Neue IT-Infrastruktur

Klinikum Braunschweig will digital hoch hinaus

Das Städtische Klinikum Braunschweig, ein Krankenhaus der Maximalversorgung auf universitärem Niveau und einer der größten Arbeitgeber der Region, hat mit VMware eine modulare und flexible IT geschaffen.

Apothekenroboter am Städtischen Klinikum Braunschweig

Das Städtische Klinikum Braunschweig sieht sich als Innovator der Digitalisierung.

Durch die Virtualisierung des Speichersystems und die Trennung von Hard- und Software war die IT-Abteilung in der Lage, die Leistung der Infrastruktur zu erhöhen, wovon Patienten, Belegschaft und IT gleichermaßen profitieren. Das Städtische Krankenhaus Braunschweig versteht sich als innovativer Gesundheitsdienstleister und Vorreiter bei der Vernetzung von Krankenhäusern. Dabei nimmt die IT eine zentrale Rolle ein. „Sie muss dazu beitragen, Pflegefachkräften und Ärzten ihre tägliche Arbeit zu erleichtern, um die Qualität der Gesundheitsdienstleistungen und der Patientenversorgung zu verbessern“, so Norman Lüttgerding, CIO am Städtischen Klinikum Braunschweig. Allerdings beeinträchtigte der Zeitmangel, ein hohes IT-Betriebsvolumen sowie langsame Applikationen und Datenströme, die Rolle als Innovator der Digitalisierung auszufüllen. Hinzu kommt die Realisierung des Zwei-Standorte-Konzeptes, infolgedessen die bisherigen drei IT-Standorte auf zwei konsolidiert werden. Erschwerend kommt hinzu, dass der Klinikteil, in dem sich das Hauptrechenzentrum befindet, aufgelöst werden soll.

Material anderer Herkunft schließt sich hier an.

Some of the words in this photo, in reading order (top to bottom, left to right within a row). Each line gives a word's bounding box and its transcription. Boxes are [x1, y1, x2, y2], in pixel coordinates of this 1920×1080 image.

Für die Standortkonsolidierung benötigte die IT-Abteilung eine flexible und modulare Lösung. Da das Krankenhaus bereits seit vielen Jahren auf Virtualisierung setzt, wandte sich das Städtische Klinikum Braunschweig an VMware sowie die Partner SVA System Vertrieb Alexander GmbH und Fujitsu, um die Infrastruktur zu standardisieren und die Komplexität zu reduzieren. Die SVA arbeitet seit 14 Jahren mit dem Krankenhaus zusammen, steht als Infrastrukturpartner immer zur Verfügung und hat das Klinikum Braunschweig dabei unterstützt, sich für die Storage-Virtualisierung zu entscheiden. Zudem ist das Krankenhaus seit längerer Zeit Fujitsu-Kunde und hat positive Erfahrungen hinsichtlich des Produktangebots, der Qualität und der Zuverlässigkeit der Server gemacht.  So entschied sich das Klinikum für Software-Defined Storage (SDS) mit VMware vSAN sowie eine hyperkonvergente Infrastruktur (HCI) als ersten Schritt zur Realisierung der gesamten SDDC-Vision mit Unterstützung für End-User-Computing-Modelle.

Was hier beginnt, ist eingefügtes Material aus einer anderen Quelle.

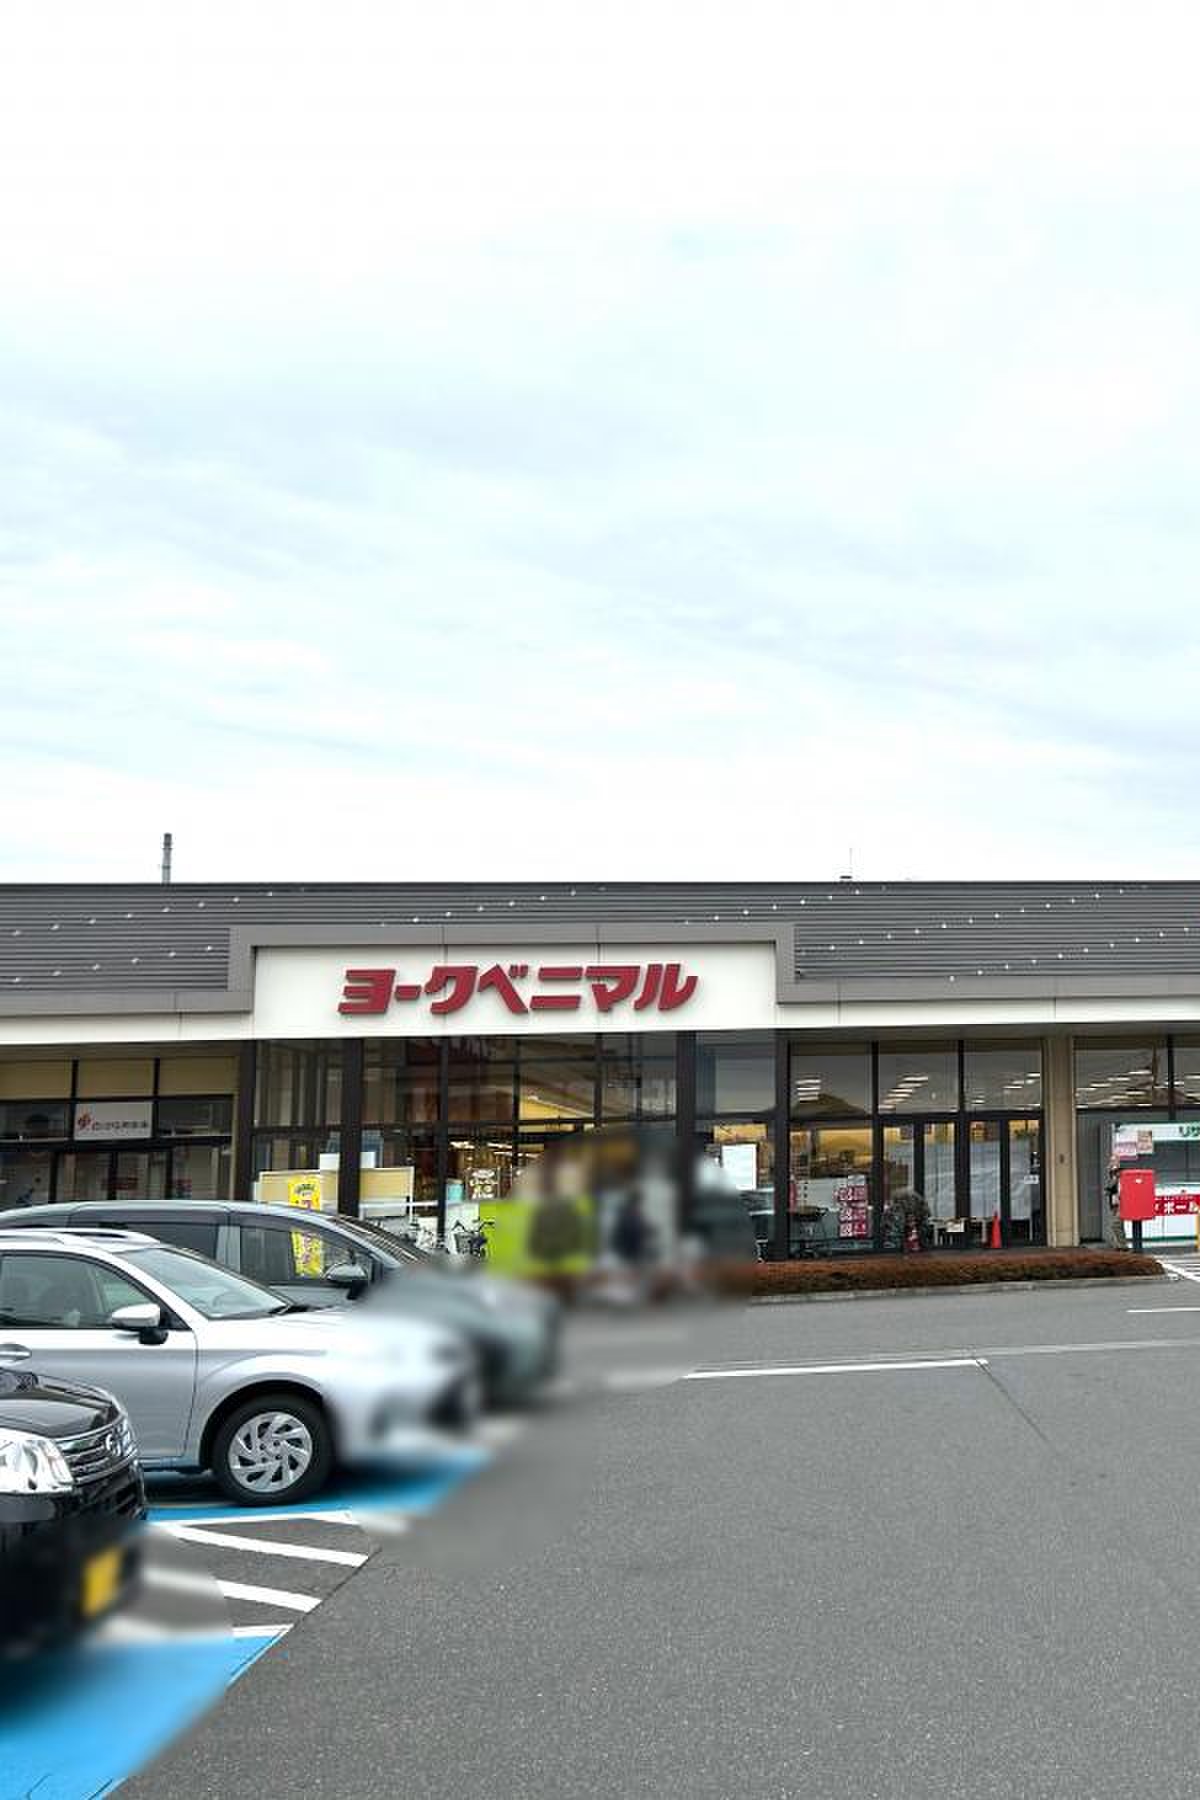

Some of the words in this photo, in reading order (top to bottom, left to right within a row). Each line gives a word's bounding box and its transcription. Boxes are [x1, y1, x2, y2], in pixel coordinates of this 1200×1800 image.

[337, 963, 699, 1015] ヨークベニマル
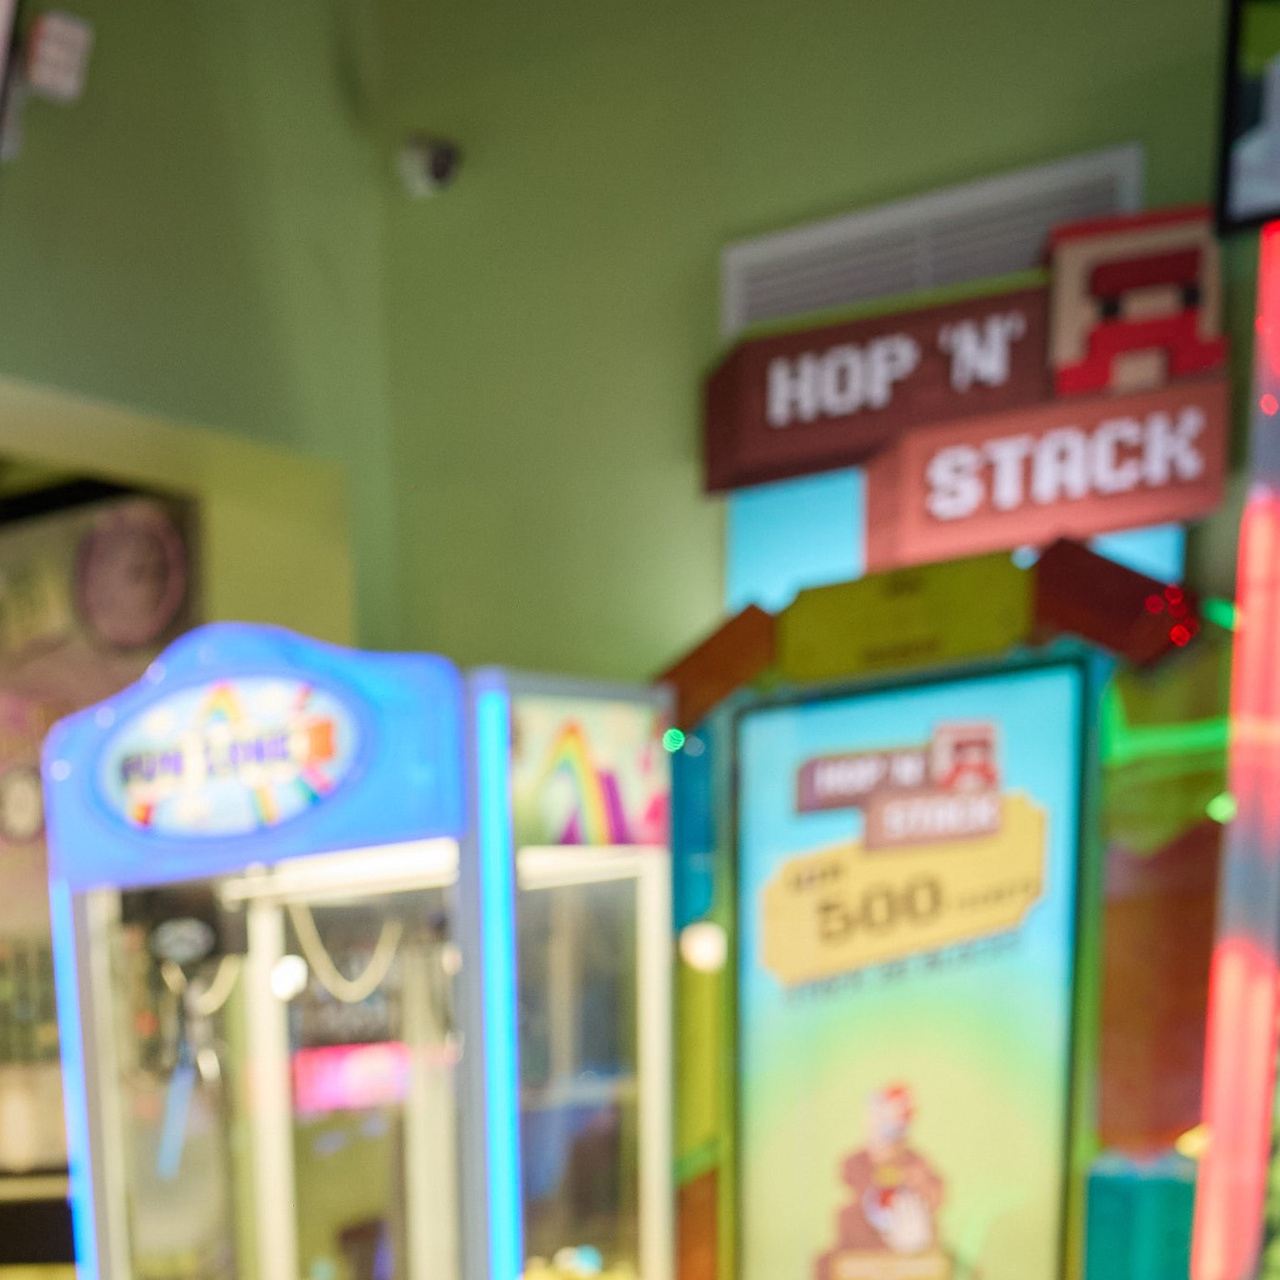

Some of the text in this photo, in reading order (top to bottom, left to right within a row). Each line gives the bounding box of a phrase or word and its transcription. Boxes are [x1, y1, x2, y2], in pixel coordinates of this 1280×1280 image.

Durch die neue IT-Infrastruktur soll das Krankhaus bestmöglich für Rechenzentrumsausfälle gerüstet sein. Zudem könne aufgrund der eingesparten Arbeitszeit die Entwicklung von Medizin-Apps, Virtual-Reality-Anwendungen (VR) oder Digitalen Care Models vorangetrieben werden. Mitarbeiter des Klinikums können an den Standorten mobil, kosteneffizienter und schneller arbeiten, was auch bedeutet, dass Patienten von schnelleren Prozessen, Diagnosen und verbesserten Behandlungen profitieren, die Leben retten und dem Wohl der Patienten dienen.